I'm a beginner both in C and unix. I wrote a toy program where a process
sends through a pipe a single character every second, with the child
printing them on stdout.
I wanted the output te be one character every second, but they are
printed all at once.

Given my lack of knowledge, I highly suspect errors on my side, but I
need to be sure if that's the kind of thing you can do with pipes. I did
some research on how they work exactly, but what I found wasn't very clear.

I include the code of my program below, I'd appreciate very much a few
pointers on what is wrong and/or missing to achieve the desired effect.
Or should I use a completely different method ? (I want two processes,
I've already done it using threads)

Thanks
Glm



#include <stdio.h>
#include <stdlib.h>
#include <unistd.h>


int main(int argc, char **argv)
{
int fd[2];
char c;

if (pipe(fd) == -1) {
perror("pipe");
exit(-1);
}
switch (fork()) {
case -1:
perror("fork");
exit(-1);
break;

case 0:
/* redirection of stdin */
dup2(fd[0], STDIN_FILENO);
close(fd[0]); close(fd[1]);

while ((c = getchar()) !=EOF)
putchar(c);
break;

default:
/* redirection of stdout */
dup2(fd[1], STDOUT_FILENO);
close(fd[0]); close(fd[1]);

int i;
c = 'a';
for (i = 0; i <= 3; ++i) {
putchar(c);
++c;
sleep(1);
}
}
return 0;
}

Rich Teer

2005-09-20, 7:02 pm

On Wed, 21 Sep 2005, Guillaume Vasselin wrote:

> I'm a beginner both in C and unix.
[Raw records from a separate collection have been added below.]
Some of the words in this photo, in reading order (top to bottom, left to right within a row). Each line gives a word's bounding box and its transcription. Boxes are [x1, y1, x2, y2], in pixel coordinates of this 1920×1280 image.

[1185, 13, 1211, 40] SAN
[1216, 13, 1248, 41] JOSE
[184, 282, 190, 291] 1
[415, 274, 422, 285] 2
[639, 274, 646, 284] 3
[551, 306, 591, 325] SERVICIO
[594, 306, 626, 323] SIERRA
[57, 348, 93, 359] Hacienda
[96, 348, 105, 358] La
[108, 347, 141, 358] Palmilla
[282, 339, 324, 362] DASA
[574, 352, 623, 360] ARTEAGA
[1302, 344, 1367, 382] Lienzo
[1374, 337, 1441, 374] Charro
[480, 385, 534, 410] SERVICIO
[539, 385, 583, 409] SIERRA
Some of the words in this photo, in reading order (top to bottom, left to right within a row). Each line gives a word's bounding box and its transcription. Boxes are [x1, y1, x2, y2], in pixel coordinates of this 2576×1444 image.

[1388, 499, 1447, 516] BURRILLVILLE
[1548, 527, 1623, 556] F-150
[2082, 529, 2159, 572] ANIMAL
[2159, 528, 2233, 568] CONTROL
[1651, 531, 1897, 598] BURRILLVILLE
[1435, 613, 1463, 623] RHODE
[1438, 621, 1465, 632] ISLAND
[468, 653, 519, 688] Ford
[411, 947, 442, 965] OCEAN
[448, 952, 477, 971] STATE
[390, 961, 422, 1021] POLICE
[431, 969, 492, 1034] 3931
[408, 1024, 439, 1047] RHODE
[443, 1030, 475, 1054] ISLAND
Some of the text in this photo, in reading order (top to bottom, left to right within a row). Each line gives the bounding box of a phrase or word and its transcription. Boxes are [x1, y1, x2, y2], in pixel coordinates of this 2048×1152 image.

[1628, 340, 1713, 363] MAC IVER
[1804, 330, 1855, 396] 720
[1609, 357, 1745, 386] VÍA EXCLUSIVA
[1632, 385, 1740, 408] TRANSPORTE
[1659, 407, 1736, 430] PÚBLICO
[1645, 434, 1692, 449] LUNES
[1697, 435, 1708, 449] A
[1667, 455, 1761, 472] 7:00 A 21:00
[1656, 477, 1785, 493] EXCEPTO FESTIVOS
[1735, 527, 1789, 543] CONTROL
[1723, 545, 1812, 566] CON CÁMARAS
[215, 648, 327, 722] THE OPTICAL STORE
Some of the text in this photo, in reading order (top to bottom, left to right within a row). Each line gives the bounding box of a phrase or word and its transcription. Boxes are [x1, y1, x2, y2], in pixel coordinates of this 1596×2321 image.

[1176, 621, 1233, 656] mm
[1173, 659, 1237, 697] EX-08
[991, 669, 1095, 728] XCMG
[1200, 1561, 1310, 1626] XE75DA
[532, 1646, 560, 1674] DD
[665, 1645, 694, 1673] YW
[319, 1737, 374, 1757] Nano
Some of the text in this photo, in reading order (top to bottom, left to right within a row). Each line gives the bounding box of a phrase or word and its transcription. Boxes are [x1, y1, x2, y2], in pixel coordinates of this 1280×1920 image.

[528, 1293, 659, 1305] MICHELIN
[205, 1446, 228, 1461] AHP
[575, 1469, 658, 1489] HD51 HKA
I wrote a toy program where a process
> sends through a pipe a single character every second, with the child
> printing them on stdout.
> I wanted the output te be one character every second, but they are
> printed all at once.
>
> Given my lack of knowledge, I highly suspect errors on my side, but I
> need to be sure if that's the kind of thing you can do with pipes. I did
> some research on how they work exactly, but what I found wasn't very clear.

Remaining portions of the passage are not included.